Exhibit 4.2
CAPSTONE TURBINE CORPORATION
AMENDMENT NO. 3
TO
PURCHASE WARRANT FOR COMMON SHARES
This Amendment No. 3 to Purchase Warrant for Common Shares, dated as of October 1, 2020 (the “Third Amendment”), amends that certain Purchase Warrant for Common Shares, dated as of February 4, 2019 (as amended from time to time, the “Warrant”), issued by Capstone Turbine Corporation, a Delaware corporation (the “Company”).
WHEREAS, Goldman Sachs & Co. LLC has transferred the Warrant to Special Situations Investing Group II, LLC (the “Purchaser”);
WHEREAS, the Purchaser is the sole Holder of the Warrant; and
WHEREAS, on the date hereof, the Company and the Purchaser have entered into an additional Purchase Warrant Agreement for Common Shares, entitling the Purchaser to purchase from the Company up to 291,295 Warrant Shares (the “Second Warrant”).

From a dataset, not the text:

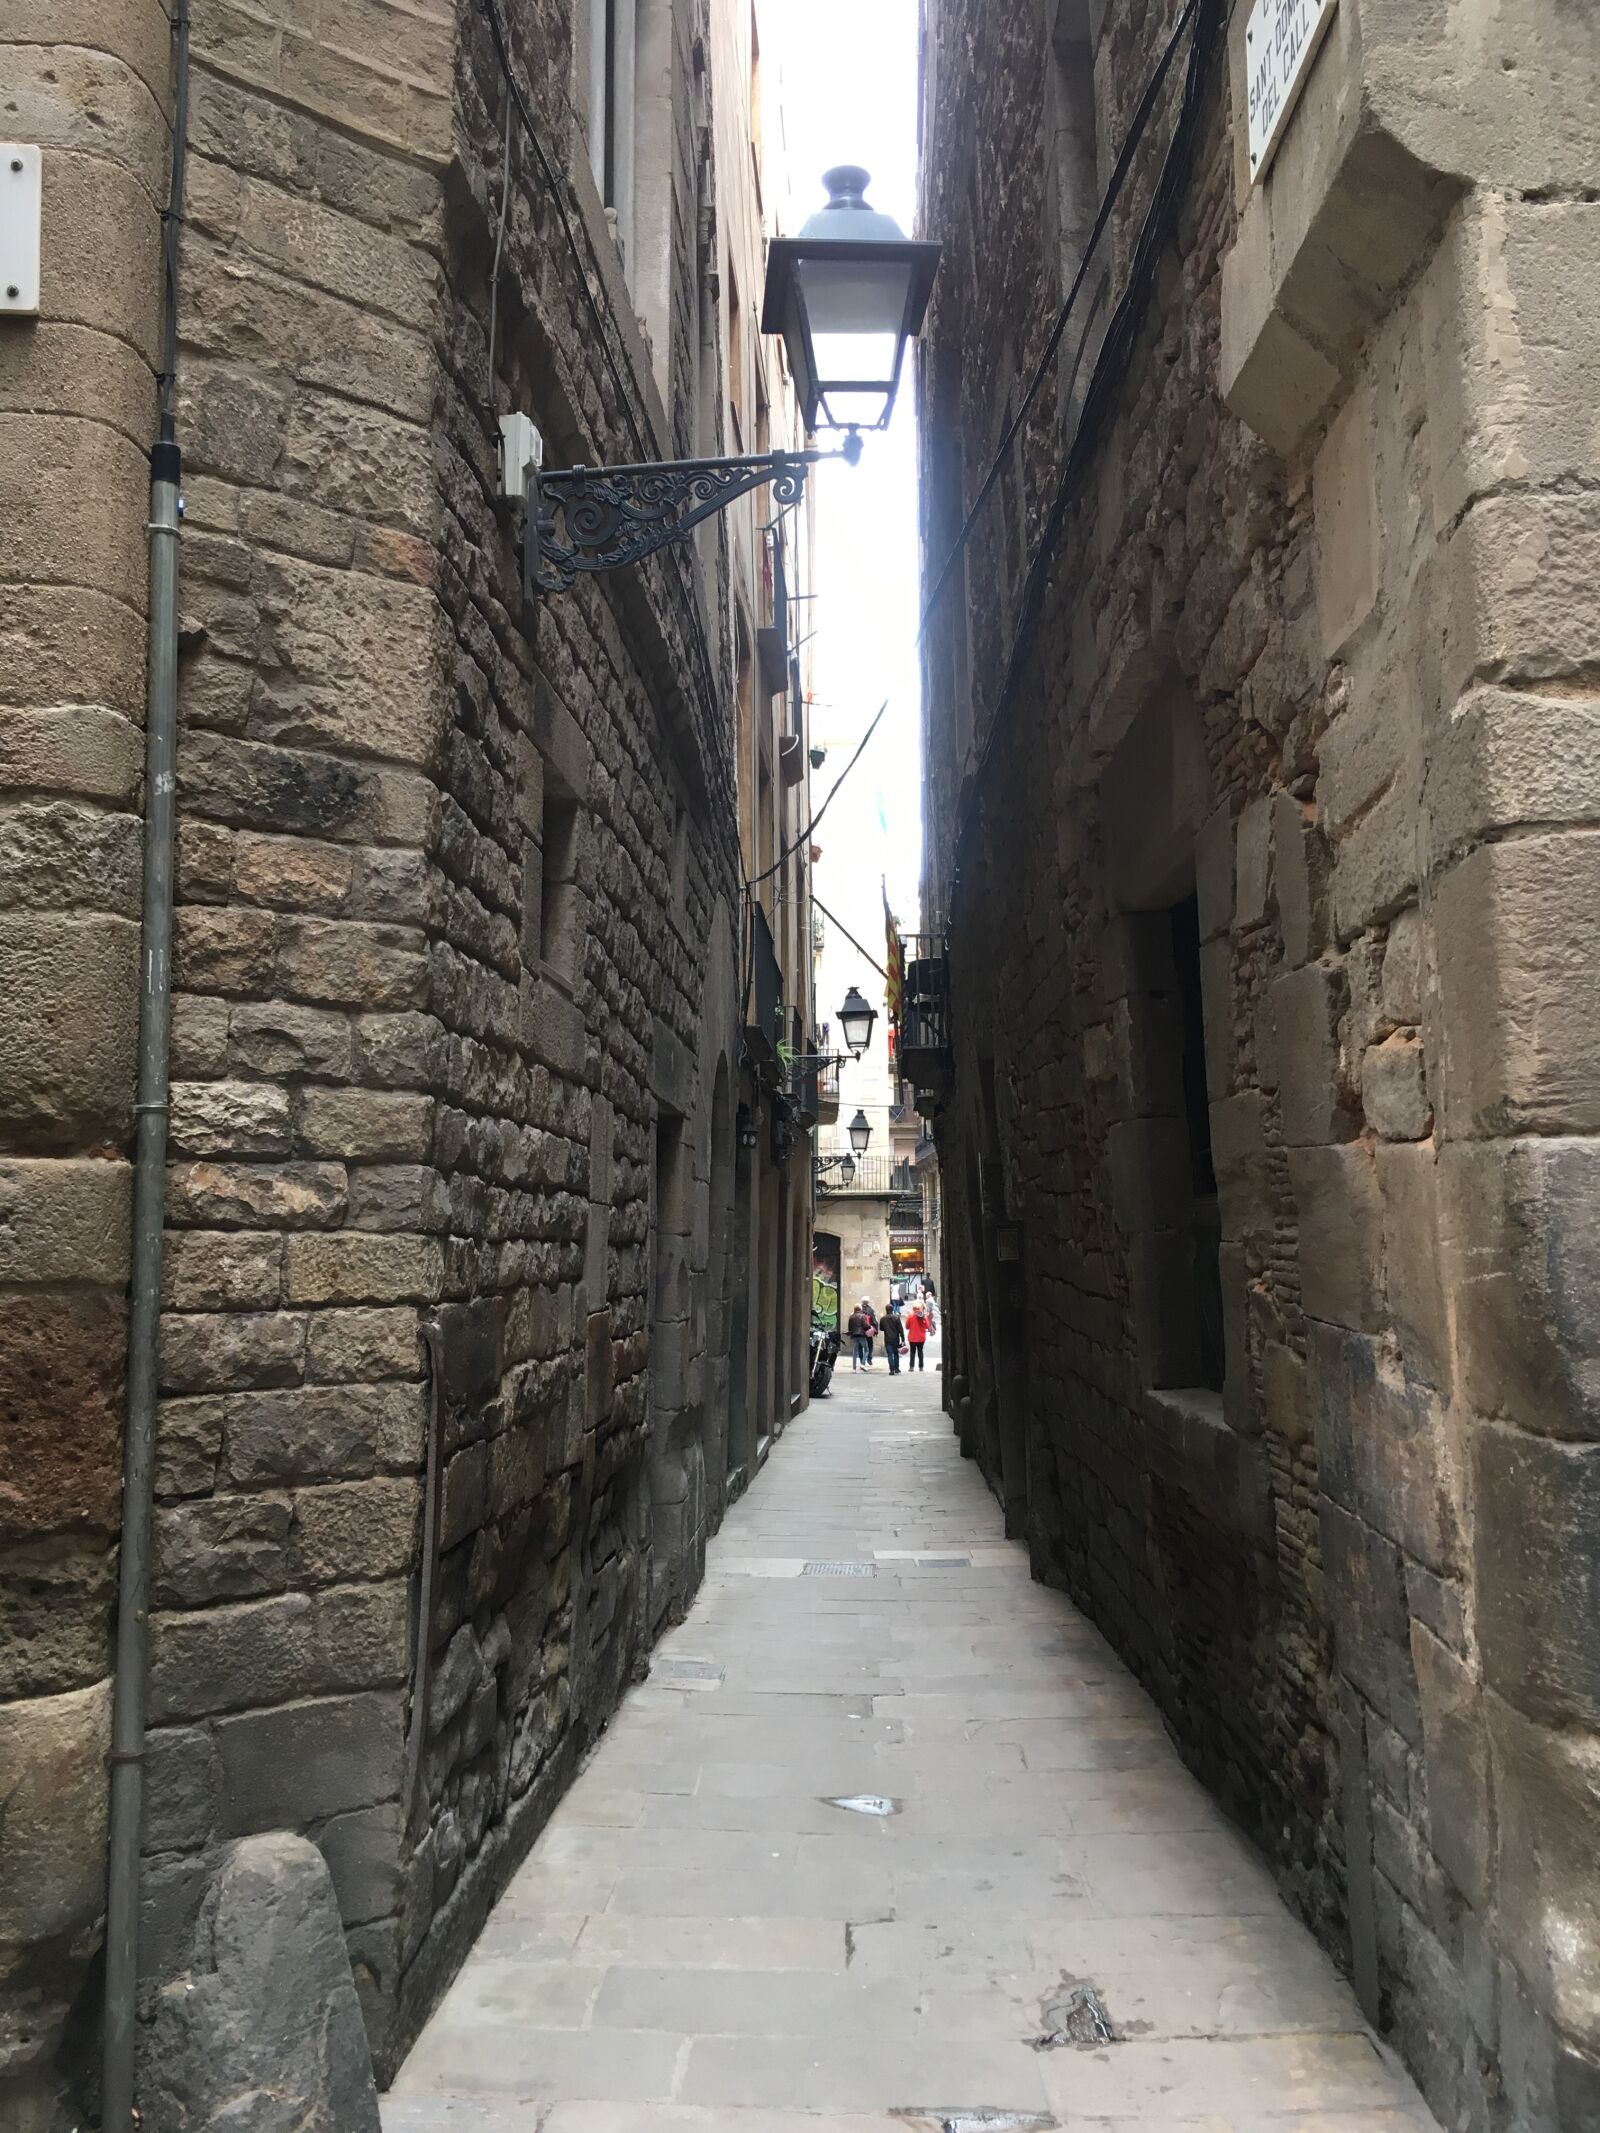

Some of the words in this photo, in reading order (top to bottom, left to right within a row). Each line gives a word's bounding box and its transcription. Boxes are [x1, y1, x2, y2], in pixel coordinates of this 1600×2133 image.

[1249, 40, 1272, 123] SANT
[1262, 76, 1280, 137] DEL
[1283, 3, 1309, 84] CALL

WHEREAS, subject to the terms and conditions set forth herein, the Company and the Purchaser desire to amend Section 1.2, Section 2.1, Section 2.2(c) and Section 18.1 of the Warrant.
NOW, THEREFORE, for good and valuable consideration, the receipt and sufficiency of which are hereby acknowledged, the parties hereby agree as follows:
1.Defined Terms. Capitalized terms used but not defined herein will have the meanings given to them in the Warrant.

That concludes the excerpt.